Other experts told reporters the goal to halt temperature increases beyond two-2.5 degrees centigrade is achievable if policymakers are willing to follow their recommendations for mitigation and adaptation to climate change.
That demands stabilising atmospheric concentrations at the equivalent of no more than 450,000 parts per million of CO2 (compared to parts per million CO2 equivalent today), according to the study.
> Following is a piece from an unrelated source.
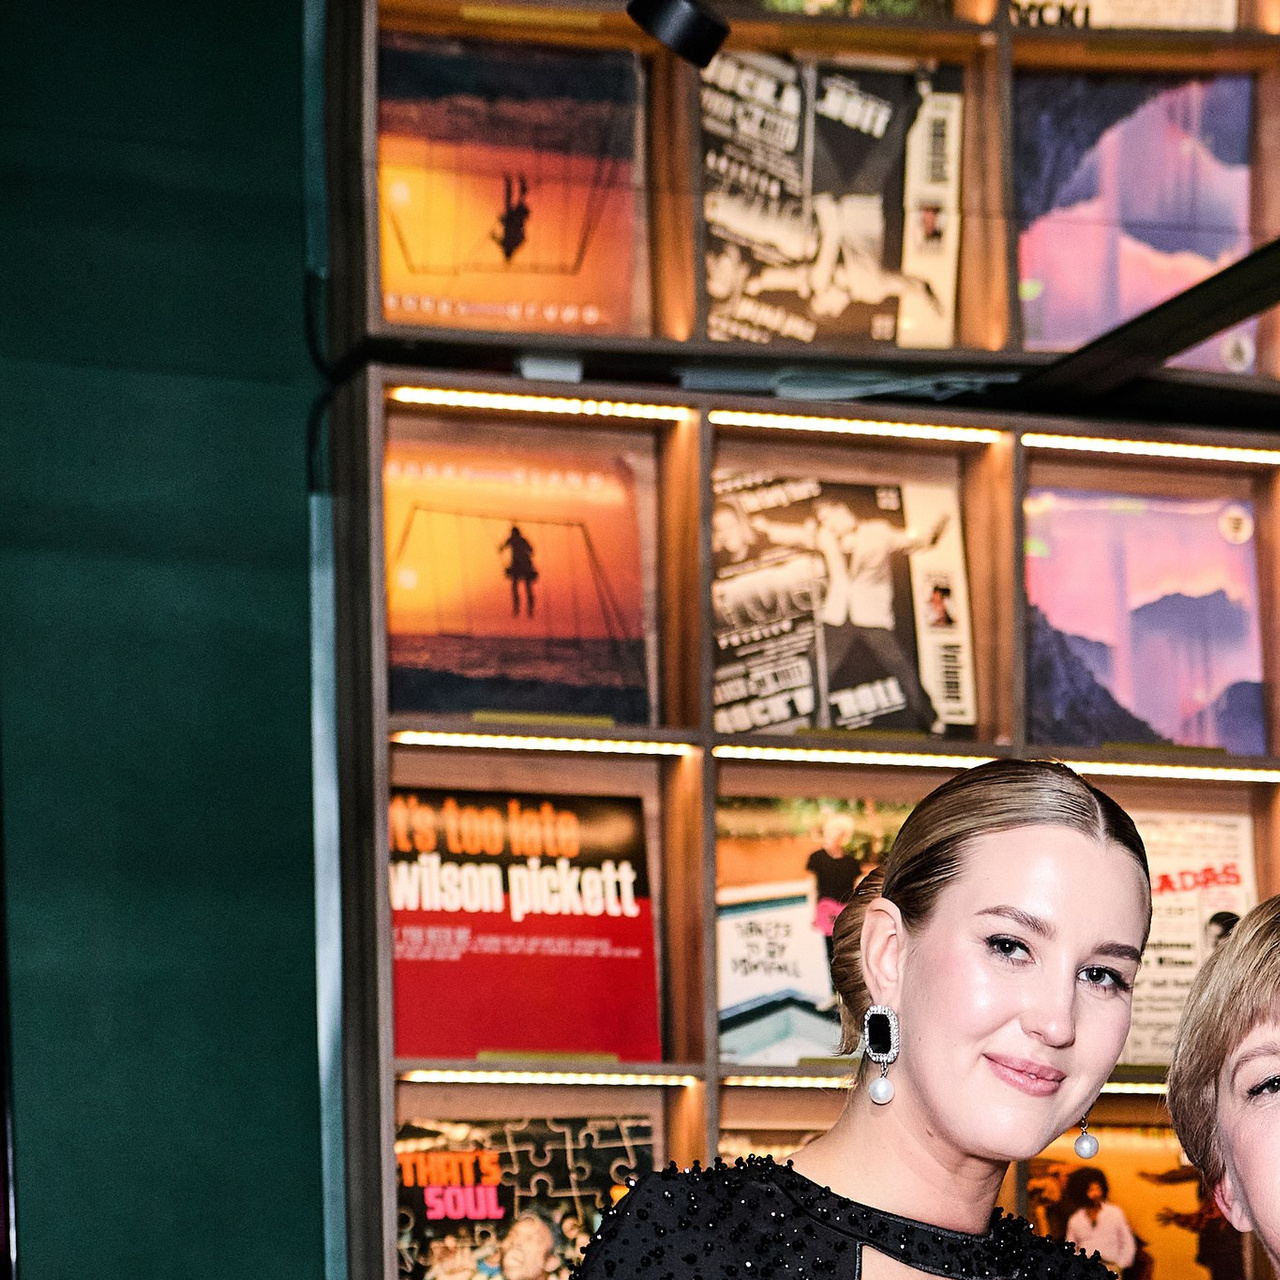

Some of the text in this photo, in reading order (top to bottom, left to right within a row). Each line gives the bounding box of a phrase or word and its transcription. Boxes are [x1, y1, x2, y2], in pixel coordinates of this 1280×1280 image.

This would require global CO2 emissions to peak no later than 2015-2020 at not much above their current level and decline by 2100 to about a third of that value.
The study's authors urged policymakers to take immediate steps for energy efficiency in the transport sector, environmental measures in urban construction, and expanded use of biofuels and other renewable sources.
"These steps will contribute to achievement of the U.N. Millennium Development Goals (MDGs); failing to do so will make these goals much harder, if not impossible to reach," said Peter Raven, a biodiversity expert and former president of Sigma Xi, a U.S.-based research group with more than 60,000 members worldwide that carried out the study in collaboration with the U.N. Foundation.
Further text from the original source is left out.